◆ Work task ◆
Please set down the listing exactly, from the first line to the last.
━━━━━━━━━━━━━━━━━━━━
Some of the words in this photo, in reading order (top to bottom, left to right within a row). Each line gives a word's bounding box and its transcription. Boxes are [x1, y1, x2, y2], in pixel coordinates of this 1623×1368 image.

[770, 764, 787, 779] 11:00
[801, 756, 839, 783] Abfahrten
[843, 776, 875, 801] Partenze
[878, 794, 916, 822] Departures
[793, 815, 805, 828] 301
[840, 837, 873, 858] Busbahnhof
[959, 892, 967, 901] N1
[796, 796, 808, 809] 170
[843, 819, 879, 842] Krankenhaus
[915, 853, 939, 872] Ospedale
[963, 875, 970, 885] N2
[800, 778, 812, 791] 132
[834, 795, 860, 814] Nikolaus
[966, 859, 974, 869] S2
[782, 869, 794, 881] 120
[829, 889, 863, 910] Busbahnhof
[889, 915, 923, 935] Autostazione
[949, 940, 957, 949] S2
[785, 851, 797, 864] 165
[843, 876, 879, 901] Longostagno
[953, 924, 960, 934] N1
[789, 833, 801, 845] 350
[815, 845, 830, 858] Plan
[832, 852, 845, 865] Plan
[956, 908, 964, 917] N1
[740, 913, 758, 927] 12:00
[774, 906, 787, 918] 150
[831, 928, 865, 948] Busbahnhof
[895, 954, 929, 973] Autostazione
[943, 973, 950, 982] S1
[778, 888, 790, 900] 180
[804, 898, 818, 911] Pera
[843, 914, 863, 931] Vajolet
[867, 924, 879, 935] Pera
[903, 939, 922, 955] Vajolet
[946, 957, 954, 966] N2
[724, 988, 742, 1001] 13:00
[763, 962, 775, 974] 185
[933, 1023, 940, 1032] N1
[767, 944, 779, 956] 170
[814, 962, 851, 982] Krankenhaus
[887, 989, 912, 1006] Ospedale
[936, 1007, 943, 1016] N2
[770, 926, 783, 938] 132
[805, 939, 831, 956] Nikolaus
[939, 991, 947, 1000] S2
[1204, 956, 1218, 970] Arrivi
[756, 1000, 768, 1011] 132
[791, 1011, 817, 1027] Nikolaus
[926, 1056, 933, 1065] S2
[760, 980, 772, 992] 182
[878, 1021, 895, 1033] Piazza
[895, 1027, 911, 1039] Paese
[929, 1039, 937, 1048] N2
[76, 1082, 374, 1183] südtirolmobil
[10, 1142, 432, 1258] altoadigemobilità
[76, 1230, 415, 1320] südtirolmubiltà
━━━━━━━━━━━━━━━━━━━━
◆ Answer to this problem ◆
Some of the words in this photo, in reading order (top to bottom, left to right within a row). Each line gives a word's bounding box and its transcription. Boxes are [x1, y1, x2, y2], in pixel coordinates of this 1623×1368 image.

[770, 764, 787, 779] 11:00
[801, 756, 839, 783] Abfahrten
[843, 776, 875, 801] Partenze
[878, 794, 916, 822] Departures
[793, 815, 805, 828] 301
[840, 837, 873, 858] Busbahnhof
[959, 892, 967, 901] N1
[796, 796, 808, 809] 170
[843, 819, 879, 842] Krankenhaus
[915, 853, 939, 872] Ospedale
[963, 875, 970, 885] N2
[800, 778, 812, 791] 132
[834, 795, 860, 814] Nikolaus
[966, 859, 974, 869] S2
[782, 869, 794, 881] 120
[829, 889, 863, 910] Busbahnhof
[889, 915, 923, 935] Autostazione
[949, 940, 957, 949] S2
[785, 851, 797, 864] 165
[843, 876, 879, 901] Longostagno
[953, 924, 960, 934] N1
[789, 833, 801, 845] 350
[815, 845, 830, 858] Plan
[832, 852, 845, 865] Plan
[956, 908, 964, 917] N1
[740, 913, 758, 927] 12:00
[774, 906, 787, 918] 150
[831, 928, 865, 948] Busbahnhof
[895, 954, 929, 973] Autostazione
[943, 973, 950, 982] S1
[778, 888, 790, 900] 180
[804, 898, 818, 911] Pera
[843, 914, 863, 931] Vajolet
[867, 924, 879, 935] Pera
[903, 939, 922, 955] Vajolet
[946, 957, 954, 966] N2
[724, 988, 742, 1001] 13:00
[763, 962, 775, 974] 185
[933, 1023, 940, 1032] N1
[767, 944, 779, 956] 170
[814, 962, 851, 982] Krankenhaus
[887, 989, 912, 1006] Ospedale
[936, 1007, 943, 1016] N2
[770, 926, 783, 938] 132
[805, 939, 831, 956] Nikolaus
[939, 991, 947, 1000] S2
[1204, 956, 1218, 970] Arrivi
[756, 1000, 768, 1011] 132
[791, 1011, 817, 1027] Nikolaus
[926, 1056, 933, 1065] S2
[760, 980, 772, 992] 182
[878, 1021, 895, 1033] Piazza
[895, 1027, 911, 1039] Paese
[929, 1039, 937, 1048] N2
[76, 1082, 374, 1183] südtirolmobil
[10, 1142, 432, 1258] altoadigemobilità
[76, 1230, 415, 1320] südtirolmubiltà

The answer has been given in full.